DTH reactions in mice after SRBCs antigenic challenge was tested for normal, immunity suppressed (Quinolphos given) and immunity stimulated mice (C.capillaries extracts and Proimmu). DTH response was high in Proimmu (Standard drug) treated groups the antigenic challenge by SRBC resulted in a significant increase in foot pad thickness in left paw (receiving SRBC), than right paw (receiving normal saline as control) (Table 1) (Table 2). The percentage decrease in paw edema in Quinolphos treated cases was 58.33% but in C.capillaries treated group (200mg/kg), it got increased to 28.2%. In Proimmu treated mice also there was a significant increase in DTH response. In the mice treated with C.capillaries and Quinolphos, the DTH was significantly improved (+10.26 P<0.05). The comparison of these results indicates that the extracts of C.capillaries have immuno potentiating effect like the standard immuno stimulant drug Proimmu.

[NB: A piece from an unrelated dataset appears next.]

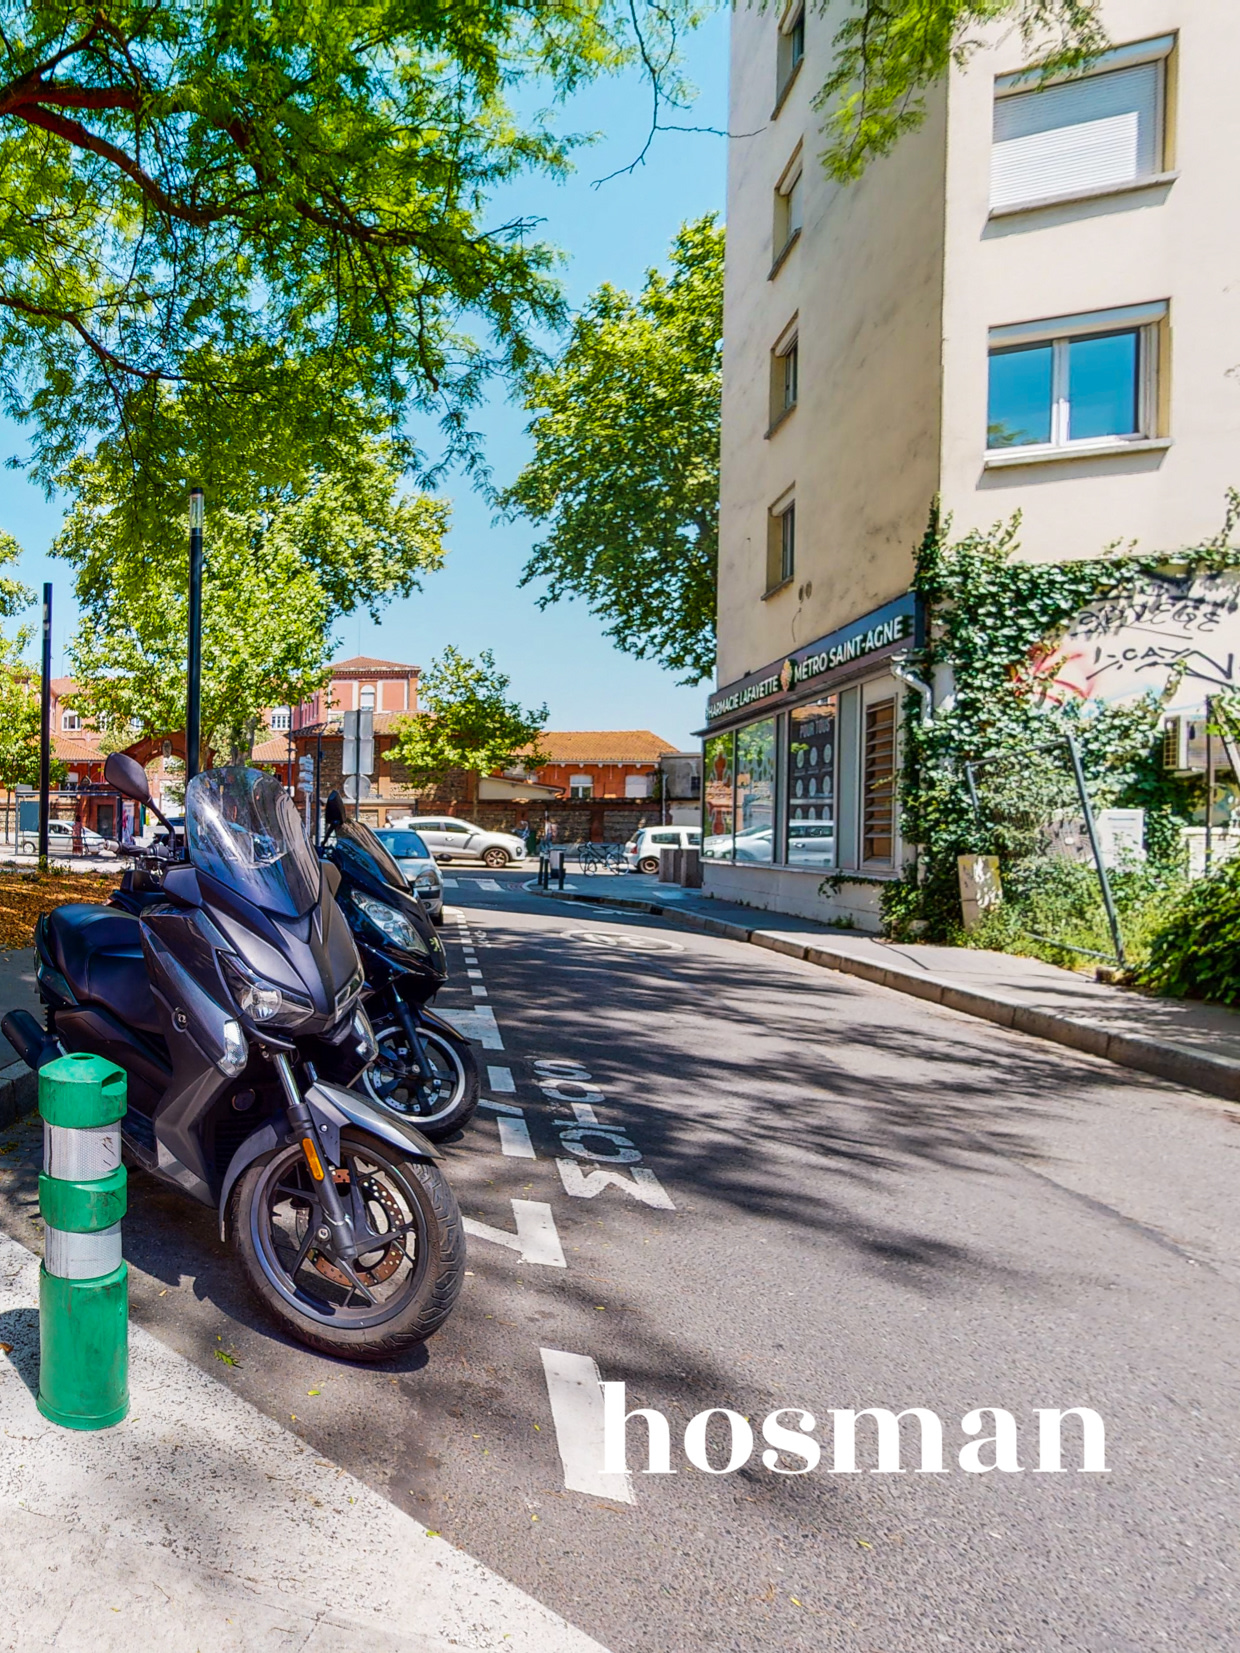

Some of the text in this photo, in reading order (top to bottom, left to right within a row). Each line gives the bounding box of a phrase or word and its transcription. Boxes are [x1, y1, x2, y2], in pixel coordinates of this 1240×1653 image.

According to Tiwari et al.,¹¹ the active principle, sesquitepene lactone present in the plant Tridax procumbens assisted in cell mediated immune response and enhanced DTH reaction, which was reflected from the increased foot pad thickness due to heightened infiltration of macrophages to the inflammatory site, Datta et al.,¹² reported that the active fraction CI-1-Protein in the plant pigeon pea Cajanus cajan enhanced DTH response significantly in mice on SRBC antigenic challenge. Histological investigation by Datta et al.,¹² on the inflammatory site showed perivascular cuffing with mononuclear cells followed by a more extensive exudation of mono and poly morphonuclear cells.¹³ The effector cells that promote DTH reactions (T_DTH cells) cause the activation of macrophages, infiltration of polymorphonuclear cells, increased vascular permeability and odema, thereby it induced T-cell mediated response¹⁴ also observed an elevation in DTH response in mice treated with the plant extract, Argyreia speices and challenged with SRBC and this was due to the effect of plant drug on T-lymphocyte and accessory cell types required for the expression of reaction.¹⁵ According to Hirschman, et al. the extracts of the plant Cyttaria spp was able to elevate the DTH response due the activation of CD4 (+) and CD 8 (+) T cells as reported earlier.¹⁶

Animals treated with Quinolphos had a suppressed foot pad thickness indicating the suppressive act on cell mediated immunity. According to Osario & Goldman¹⁷ the DTH response is associated with T-cells and sensitized T-cells release mediators to promote inflammatory processes. The possible mechanism behind DTH reactions, include, activation of complements, releasing of mediators by activated mast cells; kinin reactive oxygen or nitrogen species by archidonic acid metabolites histamine and pro-inflammatory cytokines.¹⁸ Tiwari et al.¹¹ stated that the delayed type hypersensitivity reaction is characterized by large influxes of non-specific inflammatory cells, in which macrophage is a major participant. DTH reactions develop when antigen activities sensitized T_DTH cells. These cells generally appear to be a T_H1 subpopulation although sometimes T cytotoxic cells are also involved. Activation of T-delayed type hypersensitive (T_DTH) cells by antigen presented through appropriate antigen presenting cells results in the secretion of various cytokines including interleukin-2, interferon-ϒ, macrophage migration inhibition factor and tumor necrosis factor β. The overall effects of these cytokines are to recruit macrophages into the area and activate them, promoting increased phagocytic activity vis-à-vis increased concentration of lytic enzymes for more effective killing. Argus & Woo¹⁸ reported that the immunosuppressive Quinolphos have profound suppressive effect on all forms of DTH and cell mediated immunity. Animals treated with Quinolphos and receiving C.capillaries extract showed a significant counteracting effect to Quinolphos induced T-cells suppression. According to Gilberston et al.,¹⁹ the body’s immunity has been suppressed in diseases like cancer and AIDS. The chemotherapy and radiation therapy in cancer treatment contribute to depress the immune system. As side effects are associated with these synthetic modulations, plant drugs like C.capillaries can be co administered along with chemo therapeutic agents.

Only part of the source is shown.